そのまま爆死すれば単なる黒歴史になったのですが、Swing を体系的にカッチリ解説している書籍が少ないこともあって、内容に好評いただき本は完売しました。マーチちゃん完売です。そして、普通なら増刷するのですが、出版社側が闇に葬りたかったのか増刷されることなく絶版となり、一時 Amazon の中古価格で高騰するという、著者的には一銭の得にもならない状態になりました。

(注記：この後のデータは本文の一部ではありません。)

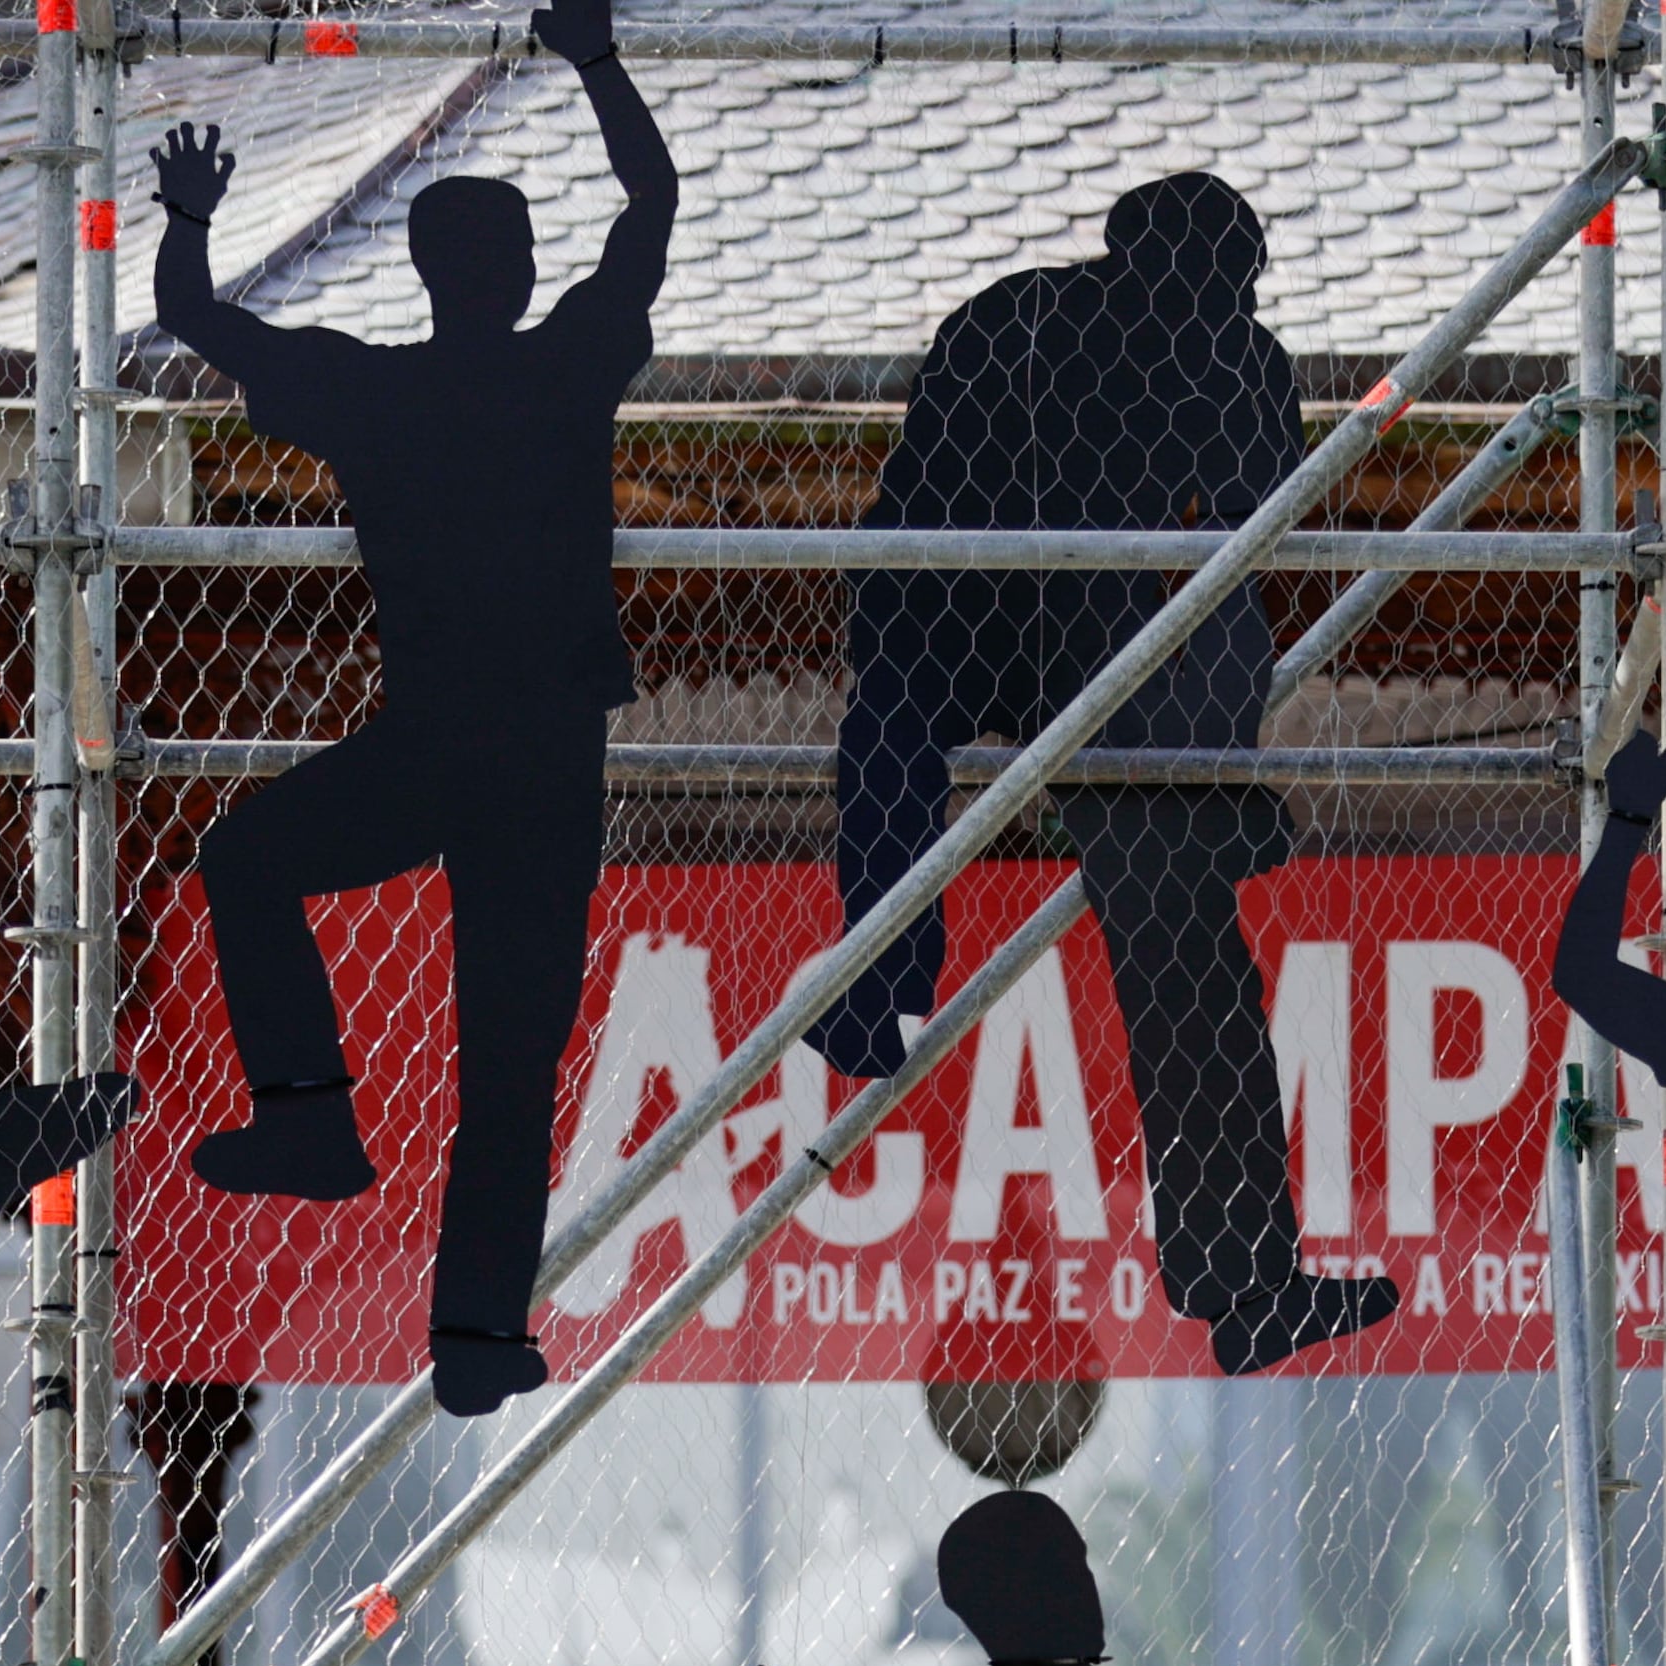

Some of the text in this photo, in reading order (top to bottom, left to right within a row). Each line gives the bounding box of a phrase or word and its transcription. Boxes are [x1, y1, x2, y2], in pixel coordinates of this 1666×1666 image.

[773, 1260, 909, 1325] POLA
[933, 1258, 1033, 1323] PAZ
[1057, 1258, 1089, 1321] E
[1111, 1257, 1147, 1321] O
[1412, 1254, 1448, 1317] A

もしまた、このような機会があれば、キャラクターデザインからしっかり企画して、可愛い魔法少女がエグい凶器構えてテクノロジーを解説する脳天直撃系の技術書を作りたいと考え幾星霜でございます。

そして伝説へ・・・?

これを書いていた当時は、Microsoft の Windows プラットフォームが強すぎて、Microsoft が投資しない技術分野が発展しない問題が顕著だったため、その対抗馬としての Java には大変期待していました。特に、プラットフォームの壁を越える「Write once, run anywhere」は魅力的なフレーズでした。

あれから 10 年、Java はどこでも動いているでしょうか?残念ながら、マルチデバイスの時代にこそ威力の発揮する「Write once, run anywhere」の思想は実現されませんでした。ポスト PC と呼ばれる新しい世代のシステムの多くが Java 仮想マシンを実装しておらず、唯一実装している Android においても、Java 言語が使えるというだけで、全く別のプラットフォームです。当時は、まさか Java がこのような現状になるとは思ってもいませんでした。

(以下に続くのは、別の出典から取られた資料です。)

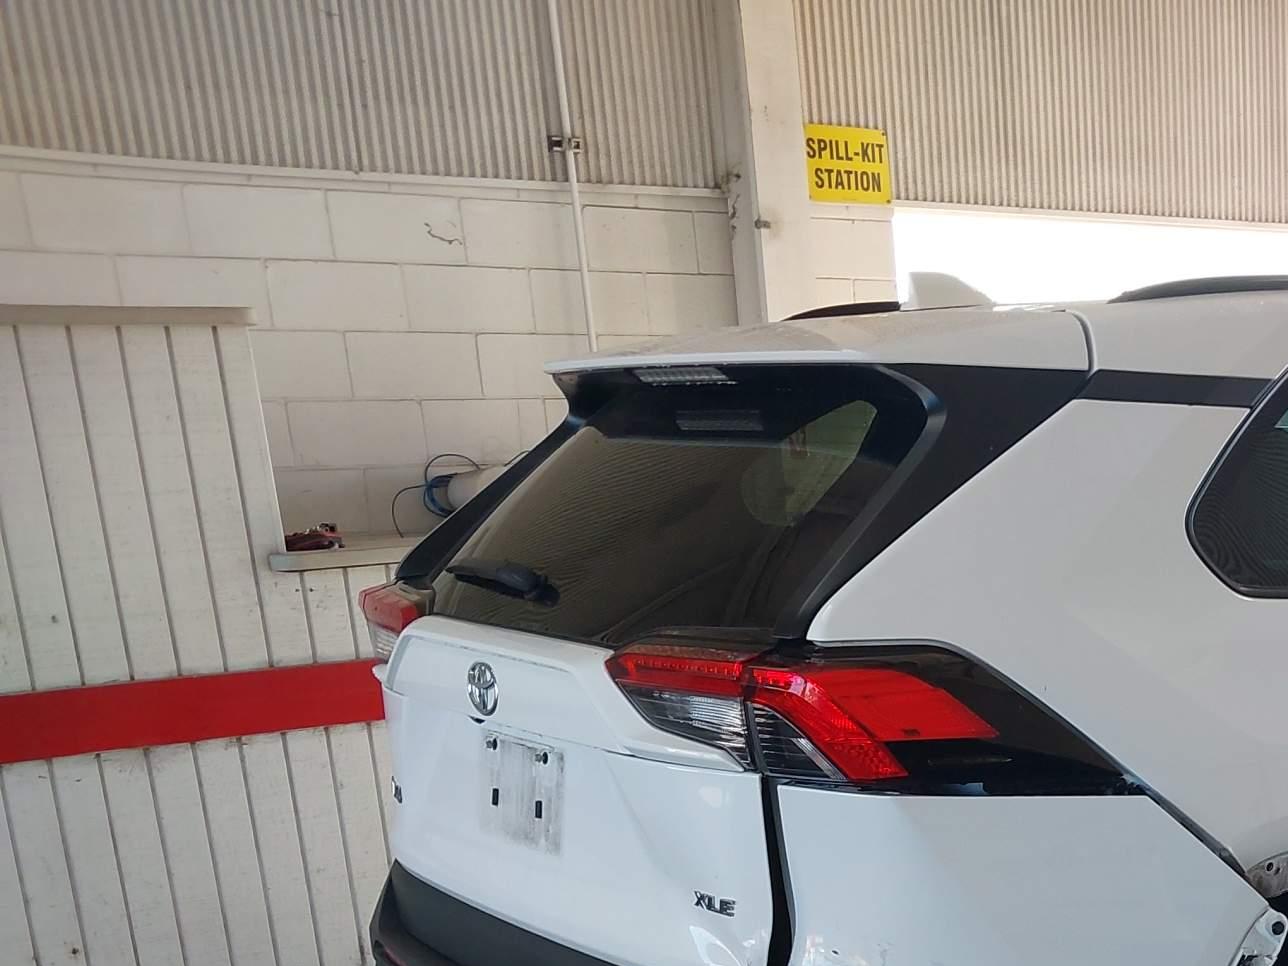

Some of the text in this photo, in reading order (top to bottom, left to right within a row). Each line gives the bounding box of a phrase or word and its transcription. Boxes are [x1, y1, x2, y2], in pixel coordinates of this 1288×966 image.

Java は、Java アプリケーションがどこでも動くことを保証するため、Java 互換環境(独自のサブセットや、独自の Java ベースの実装)の存在を許さず、結果として進化速度が速いコンシューマ向け製品分野で遅れ、ユーザー体験などシステム固有の機能と強く結びつける必要のある部分で質が低くなりました。現在では UI やユーザー体験が重要なコンシューマ向け製品での利用は限定的となり、盛んに使われているのは基幹系システムが中心となっています。

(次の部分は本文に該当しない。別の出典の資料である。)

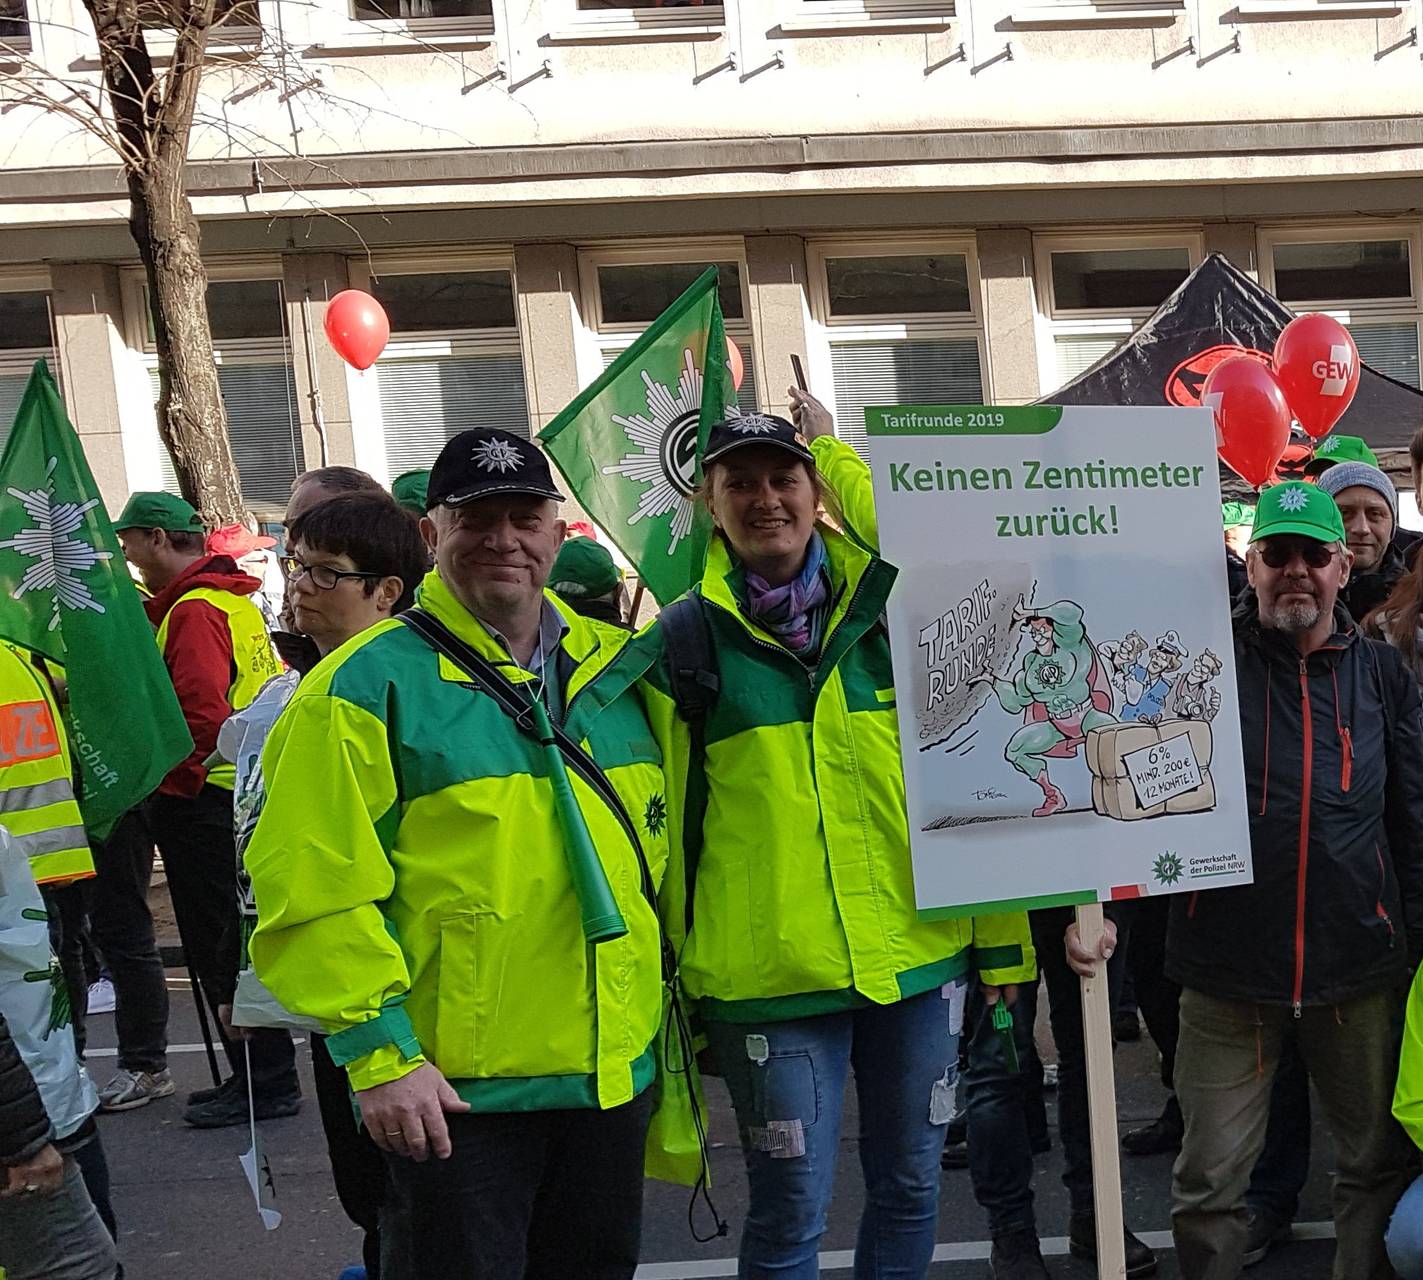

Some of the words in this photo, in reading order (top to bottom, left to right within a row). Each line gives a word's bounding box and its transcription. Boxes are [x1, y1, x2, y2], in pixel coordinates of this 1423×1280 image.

[1312, 360, 1352, 380] GEW
[880, 412, 963, 428] Tarifrunde
[966, 413, 1005, 428] 2019
[888, 461, 1013, 492] Keinen
[1021, 458, 1204, 490] Zentimeter
[995, 504, 1119, 537] zurück!
[1148, 746, 1171, 765] 6%
[1136, 766, 1161, 785] MIND.
[1143, 785, 1159, 799] 12
[1159, 772, 1195, 794] MONATE!
[1189, 853, 1237, 866] Gewerkschaft
[1203, 863, 1226, 873] Polizei
[1227, 861, 1246, 870] NRW

Java に期待した一人の開発者としては、Java の現状は非常に残念でなりません。Java を開発した Sun Microsystems が基幹系システムに密接なデータベース企業である Oracle に買収されてしまったため、今後もコンシューマ向け製品で Java が復権する可能性は低いと言わざるを得ません。

ですが、Java で書かれた Swing アプリケーションは Windows、Mac OS、Linux などの PC では共通して動作するので、社内ツールの開発などで応用できる場面もあるでしょう。Java や Swing の知識や考え方は現在でも通用するので、無駄になるものではありません。